Exemption 7(D) differs from other FOIA exemptions, because its applicability depends not on the actual content of the requested document, but rather on whether the information was provided to an agency by a "confidential source" and was part of a record compiled by a criminal law enforcement authority in the course of a criminal investigation.5 See Lesar v. United States Department of Justice, 204 App. D.C. 200, 636 F.2d 472, 492 (D.C. Cir. 1980). Once it has been determined that the information was procured under the requisite circumstances, all the information is exempt. Id. No judicial "balancing" of the competing interests is permitted; Congress has struck the balance in favor of nondisclosure.6

We turn now to the question whether the Jeffries were in fact a confidential source within the meaning of exemption 7(D). the agency has the burden of demonstrating that the sources were confidential, and it must show that the information was acquired either under an express assurance of confidentiality or in circumstances where an assurance of confidentiality may be reasonably inferred. Miller v. Bell, 661 F.2d 623 (7th Cir. 1981), cert. denied, 456 U.S. 960, 72 L. Ed. 2d 484, 102 S. Ct. 2035 (1982); Scherer v. Kelley, 584 F.2d 170, 176 (7th Cir. 1978), cert. denied, 440 U.S. 964, 99 S. Ct. 1511, 59 L. Ed. 2d 778 (1979); accord Johnson v. United States Department of Justice, 739 F.2d 1514, 1517-18 (10th Cir. 1984); Radowich v. United States Attorney, 658 F.2d 957, 959 (4th Cir. 1981); Sands v. Murphy, 633 F.2d 968, 971 (1st Cir. 1980); Keeney v. FBI, 630 F.2d 114, 117 (2d Cir. 1980); Pope v. United States, 599 F.2d 1383, 1386 (5th Cir. 1979). The EPA does not argue that express assurances were given. Thus, we must determine whether such assurance were implicit.
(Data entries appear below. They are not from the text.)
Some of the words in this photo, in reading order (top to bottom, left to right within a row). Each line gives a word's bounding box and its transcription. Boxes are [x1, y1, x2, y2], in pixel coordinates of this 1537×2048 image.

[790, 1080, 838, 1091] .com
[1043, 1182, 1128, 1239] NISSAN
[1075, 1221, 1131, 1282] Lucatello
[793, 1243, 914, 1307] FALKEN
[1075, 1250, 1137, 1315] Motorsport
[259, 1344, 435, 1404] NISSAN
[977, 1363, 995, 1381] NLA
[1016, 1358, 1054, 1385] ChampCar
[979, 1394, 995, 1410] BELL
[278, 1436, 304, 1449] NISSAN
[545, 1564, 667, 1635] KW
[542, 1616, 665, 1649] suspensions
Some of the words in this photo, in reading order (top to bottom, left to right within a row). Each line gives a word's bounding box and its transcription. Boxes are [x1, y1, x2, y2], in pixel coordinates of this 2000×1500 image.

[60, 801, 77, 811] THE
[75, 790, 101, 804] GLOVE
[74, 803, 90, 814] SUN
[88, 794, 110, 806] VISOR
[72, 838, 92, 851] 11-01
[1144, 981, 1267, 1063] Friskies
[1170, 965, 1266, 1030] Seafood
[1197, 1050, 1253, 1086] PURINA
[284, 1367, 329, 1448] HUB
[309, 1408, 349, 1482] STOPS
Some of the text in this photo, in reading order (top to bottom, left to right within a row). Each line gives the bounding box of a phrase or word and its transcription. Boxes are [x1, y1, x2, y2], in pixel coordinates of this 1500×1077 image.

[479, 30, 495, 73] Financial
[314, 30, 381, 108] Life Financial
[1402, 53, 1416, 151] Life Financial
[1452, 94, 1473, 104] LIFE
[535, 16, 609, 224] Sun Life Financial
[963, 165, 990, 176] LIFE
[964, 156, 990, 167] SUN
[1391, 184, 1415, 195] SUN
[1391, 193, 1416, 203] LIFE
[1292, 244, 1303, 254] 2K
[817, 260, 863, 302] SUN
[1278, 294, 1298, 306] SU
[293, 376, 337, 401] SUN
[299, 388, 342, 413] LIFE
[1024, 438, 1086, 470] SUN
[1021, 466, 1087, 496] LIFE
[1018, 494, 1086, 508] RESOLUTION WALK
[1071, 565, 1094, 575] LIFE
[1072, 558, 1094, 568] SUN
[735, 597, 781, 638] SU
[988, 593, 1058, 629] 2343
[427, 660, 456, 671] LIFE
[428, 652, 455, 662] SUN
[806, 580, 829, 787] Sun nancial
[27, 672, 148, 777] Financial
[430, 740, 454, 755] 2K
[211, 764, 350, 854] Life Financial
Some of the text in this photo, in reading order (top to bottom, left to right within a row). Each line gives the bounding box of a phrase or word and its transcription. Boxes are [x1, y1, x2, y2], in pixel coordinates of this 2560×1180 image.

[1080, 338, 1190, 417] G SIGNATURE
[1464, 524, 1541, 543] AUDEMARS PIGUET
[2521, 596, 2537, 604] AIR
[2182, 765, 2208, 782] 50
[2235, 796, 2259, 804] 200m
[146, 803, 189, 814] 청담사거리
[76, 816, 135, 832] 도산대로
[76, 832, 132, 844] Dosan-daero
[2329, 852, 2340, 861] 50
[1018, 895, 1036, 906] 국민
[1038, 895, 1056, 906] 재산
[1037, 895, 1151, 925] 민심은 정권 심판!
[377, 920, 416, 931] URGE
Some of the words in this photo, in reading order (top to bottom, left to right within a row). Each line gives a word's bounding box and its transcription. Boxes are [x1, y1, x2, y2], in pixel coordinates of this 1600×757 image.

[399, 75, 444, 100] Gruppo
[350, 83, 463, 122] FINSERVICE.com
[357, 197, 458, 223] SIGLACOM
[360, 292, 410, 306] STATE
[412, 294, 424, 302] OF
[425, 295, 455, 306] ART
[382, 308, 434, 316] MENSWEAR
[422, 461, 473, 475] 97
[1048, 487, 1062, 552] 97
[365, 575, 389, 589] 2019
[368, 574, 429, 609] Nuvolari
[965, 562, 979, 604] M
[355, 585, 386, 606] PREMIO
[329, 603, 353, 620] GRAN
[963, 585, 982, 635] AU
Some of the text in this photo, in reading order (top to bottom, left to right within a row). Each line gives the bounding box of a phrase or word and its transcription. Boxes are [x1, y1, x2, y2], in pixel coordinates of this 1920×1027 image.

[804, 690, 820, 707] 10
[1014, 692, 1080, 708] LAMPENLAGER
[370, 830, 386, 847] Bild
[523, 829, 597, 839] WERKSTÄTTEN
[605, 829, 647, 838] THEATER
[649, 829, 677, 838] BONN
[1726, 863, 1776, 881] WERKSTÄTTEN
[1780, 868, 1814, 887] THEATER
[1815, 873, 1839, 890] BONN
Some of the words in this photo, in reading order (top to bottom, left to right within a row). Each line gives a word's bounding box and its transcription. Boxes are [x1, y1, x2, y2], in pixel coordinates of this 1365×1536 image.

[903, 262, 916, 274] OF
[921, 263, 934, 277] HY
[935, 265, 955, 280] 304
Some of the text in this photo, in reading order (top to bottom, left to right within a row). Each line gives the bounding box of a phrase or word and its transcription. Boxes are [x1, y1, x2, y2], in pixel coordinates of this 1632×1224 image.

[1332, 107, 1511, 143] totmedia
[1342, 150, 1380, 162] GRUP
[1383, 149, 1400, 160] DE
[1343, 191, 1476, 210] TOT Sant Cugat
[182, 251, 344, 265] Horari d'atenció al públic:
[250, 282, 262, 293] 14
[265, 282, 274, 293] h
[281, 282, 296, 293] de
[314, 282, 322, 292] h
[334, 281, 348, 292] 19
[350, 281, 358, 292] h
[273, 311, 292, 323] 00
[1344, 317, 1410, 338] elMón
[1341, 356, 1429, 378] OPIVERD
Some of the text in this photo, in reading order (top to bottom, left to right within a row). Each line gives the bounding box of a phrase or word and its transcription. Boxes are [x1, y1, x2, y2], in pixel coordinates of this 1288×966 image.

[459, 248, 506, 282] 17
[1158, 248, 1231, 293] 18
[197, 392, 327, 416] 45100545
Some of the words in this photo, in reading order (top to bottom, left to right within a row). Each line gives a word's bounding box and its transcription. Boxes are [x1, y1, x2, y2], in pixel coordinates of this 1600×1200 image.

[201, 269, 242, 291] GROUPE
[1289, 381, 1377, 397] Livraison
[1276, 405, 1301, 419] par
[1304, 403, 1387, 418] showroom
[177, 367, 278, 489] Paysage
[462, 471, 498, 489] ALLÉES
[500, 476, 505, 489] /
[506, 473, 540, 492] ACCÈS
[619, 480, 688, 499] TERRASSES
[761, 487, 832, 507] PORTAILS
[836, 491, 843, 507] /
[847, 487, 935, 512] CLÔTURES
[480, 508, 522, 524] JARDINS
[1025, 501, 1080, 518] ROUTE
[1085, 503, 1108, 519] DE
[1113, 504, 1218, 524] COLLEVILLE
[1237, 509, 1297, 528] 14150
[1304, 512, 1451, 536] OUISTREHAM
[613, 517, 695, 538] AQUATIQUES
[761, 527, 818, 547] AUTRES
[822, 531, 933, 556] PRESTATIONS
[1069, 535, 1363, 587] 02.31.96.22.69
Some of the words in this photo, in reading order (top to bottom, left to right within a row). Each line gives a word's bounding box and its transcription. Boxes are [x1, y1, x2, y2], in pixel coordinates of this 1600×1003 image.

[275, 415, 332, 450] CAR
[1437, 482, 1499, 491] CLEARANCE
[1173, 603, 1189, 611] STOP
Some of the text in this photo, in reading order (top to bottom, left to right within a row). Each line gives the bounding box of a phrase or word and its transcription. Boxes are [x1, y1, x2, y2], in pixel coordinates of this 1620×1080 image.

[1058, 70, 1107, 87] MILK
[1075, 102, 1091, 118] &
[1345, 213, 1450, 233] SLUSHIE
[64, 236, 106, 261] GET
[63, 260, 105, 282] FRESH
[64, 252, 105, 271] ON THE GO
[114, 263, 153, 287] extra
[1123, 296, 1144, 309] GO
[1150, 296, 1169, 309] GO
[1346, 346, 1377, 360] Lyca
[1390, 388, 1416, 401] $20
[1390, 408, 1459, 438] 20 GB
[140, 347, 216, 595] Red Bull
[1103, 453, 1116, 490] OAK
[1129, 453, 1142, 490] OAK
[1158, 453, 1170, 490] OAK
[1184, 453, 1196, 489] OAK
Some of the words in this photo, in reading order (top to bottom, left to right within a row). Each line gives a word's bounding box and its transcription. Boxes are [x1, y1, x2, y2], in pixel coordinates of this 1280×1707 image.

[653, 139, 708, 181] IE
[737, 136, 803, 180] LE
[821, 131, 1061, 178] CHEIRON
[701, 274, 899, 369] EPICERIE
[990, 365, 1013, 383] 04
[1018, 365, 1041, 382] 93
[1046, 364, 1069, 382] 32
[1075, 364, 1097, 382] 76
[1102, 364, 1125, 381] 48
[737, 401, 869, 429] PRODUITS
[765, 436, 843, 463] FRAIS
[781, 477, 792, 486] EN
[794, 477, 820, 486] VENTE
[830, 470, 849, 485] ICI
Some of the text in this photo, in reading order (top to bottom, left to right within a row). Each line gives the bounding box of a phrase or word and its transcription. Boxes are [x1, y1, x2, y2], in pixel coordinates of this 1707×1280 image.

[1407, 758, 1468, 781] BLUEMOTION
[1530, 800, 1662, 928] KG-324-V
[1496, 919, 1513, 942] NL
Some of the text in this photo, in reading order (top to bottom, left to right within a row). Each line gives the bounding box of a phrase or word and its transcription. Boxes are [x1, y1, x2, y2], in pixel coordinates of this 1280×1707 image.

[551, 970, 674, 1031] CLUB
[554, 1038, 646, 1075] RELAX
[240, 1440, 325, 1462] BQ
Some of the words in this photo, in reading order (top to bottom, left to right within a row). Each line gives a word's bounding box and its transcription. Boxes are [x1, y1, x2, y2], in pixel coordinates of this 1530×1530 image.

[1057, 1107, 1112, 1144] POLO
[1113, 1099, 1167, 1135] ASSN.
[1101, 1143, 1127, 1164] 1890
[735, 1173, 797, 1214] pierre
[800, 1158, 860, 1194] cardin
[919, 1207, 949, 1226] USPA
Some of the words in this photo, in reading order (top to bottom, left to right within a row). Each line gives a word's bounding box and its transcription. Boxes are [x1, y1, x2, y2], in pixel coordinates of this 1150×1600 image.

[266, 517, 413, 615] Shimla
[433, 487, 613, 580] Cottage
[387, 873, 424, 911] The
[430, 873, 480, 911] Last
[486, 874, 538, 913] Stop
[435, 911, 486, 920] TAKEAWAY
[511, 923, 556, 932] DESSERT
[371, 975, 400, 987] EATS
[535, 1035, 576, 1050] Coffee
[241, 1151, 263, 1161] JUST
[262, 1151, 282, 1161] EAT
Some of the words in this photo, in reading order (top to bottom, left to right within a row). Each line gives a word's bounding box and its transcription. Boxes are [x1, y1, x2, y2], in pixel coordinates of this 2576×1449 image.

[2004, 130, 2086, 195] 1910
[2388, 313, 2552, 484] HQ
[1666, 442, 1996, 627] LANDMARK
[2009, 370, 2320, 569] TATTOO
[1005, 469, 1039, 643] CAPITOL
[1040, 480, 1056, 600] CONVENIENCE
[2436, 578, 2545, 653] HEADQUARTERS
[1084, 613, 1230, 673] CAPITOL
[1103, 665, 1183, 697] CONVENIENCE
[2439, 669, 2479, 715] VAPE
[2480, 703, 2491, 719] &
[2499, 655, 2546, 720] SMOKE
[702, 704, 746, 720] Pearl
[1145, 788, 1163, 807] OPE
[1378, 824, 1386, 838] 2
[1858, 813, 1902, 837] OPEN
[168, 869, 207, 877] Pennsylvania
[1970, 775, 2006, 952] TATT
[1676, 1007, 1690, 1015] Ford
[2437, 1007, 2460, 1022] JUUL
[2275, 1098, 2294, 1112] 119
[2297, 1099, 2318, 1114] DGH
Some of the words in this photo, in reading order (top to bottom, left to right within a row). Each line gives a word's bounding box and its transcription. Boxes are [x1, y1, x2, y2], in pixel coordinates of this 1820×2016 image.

The case law is not altogether clear on the quantum of proof required to show confidentiality. See Johnson, 739 F.2D at 1517-18 (discussion of different formulations of level of proof required). Nonetheless, there is authority in the legislative history that the agency need only state to the court that implicit assurances were provided. See Miller, 661 F.2d at 626-27 (discussion of legislative history). This case, however, does not require that we determine the minimum evidentiary threshold. Whatever the quantum of proof required, a distinction should be made in the context of exemption 7(D) between solicited and unsolicited information. When the agency actively solicits information in the course of a criminal investigation-as in an FBI interview-the court has consistently held that, unless there is evidence to the contrary in the record, promises of confidentiality are "inherently implicit." See Kimberlin, 774 F.2d at 208; Miller, 661 F.2d at 627. Although there is not question that unsolicited, as well as solicited, confidential information is protected under 7(D), see Pope, 599 F.2d at 1386, a rule of "inherently confidentiality does not always apply so neatly to unsolicited communications.

It makes little sense to say that unsolicited information was initially supplied pursuant to the agency's implied assurance of confidentiality, unless the agency has somehow put the public on notice that it will accord such treatment to these communications. Nonetheless, formalistic barriers to the protection of confidential sources would defeat the purpose of 7(D), as it is beyond dispute that unsolicited information is vitally important to law enforcement efforts. It is unrealistic to assume that a majority of persons reporting to an agency what they believe to be illegal or improper acts are legally sophisticated. Cf. L & C Marine Transport Ltd. v. United States, 740 F.2d 919, 924 n.5 (11th Cir. 1984). To the contrary, it is much more likely that they would not know the boundaries of the FOIA exemptions and, therefore, would not include in their initial communication to the agency an express request for confidentiality. They may be frightened, angry, or confused, and their immediate concerns do not include creating an evidentiary record to prove an assurance of confidentiality in anticipation of a potential FOIA request.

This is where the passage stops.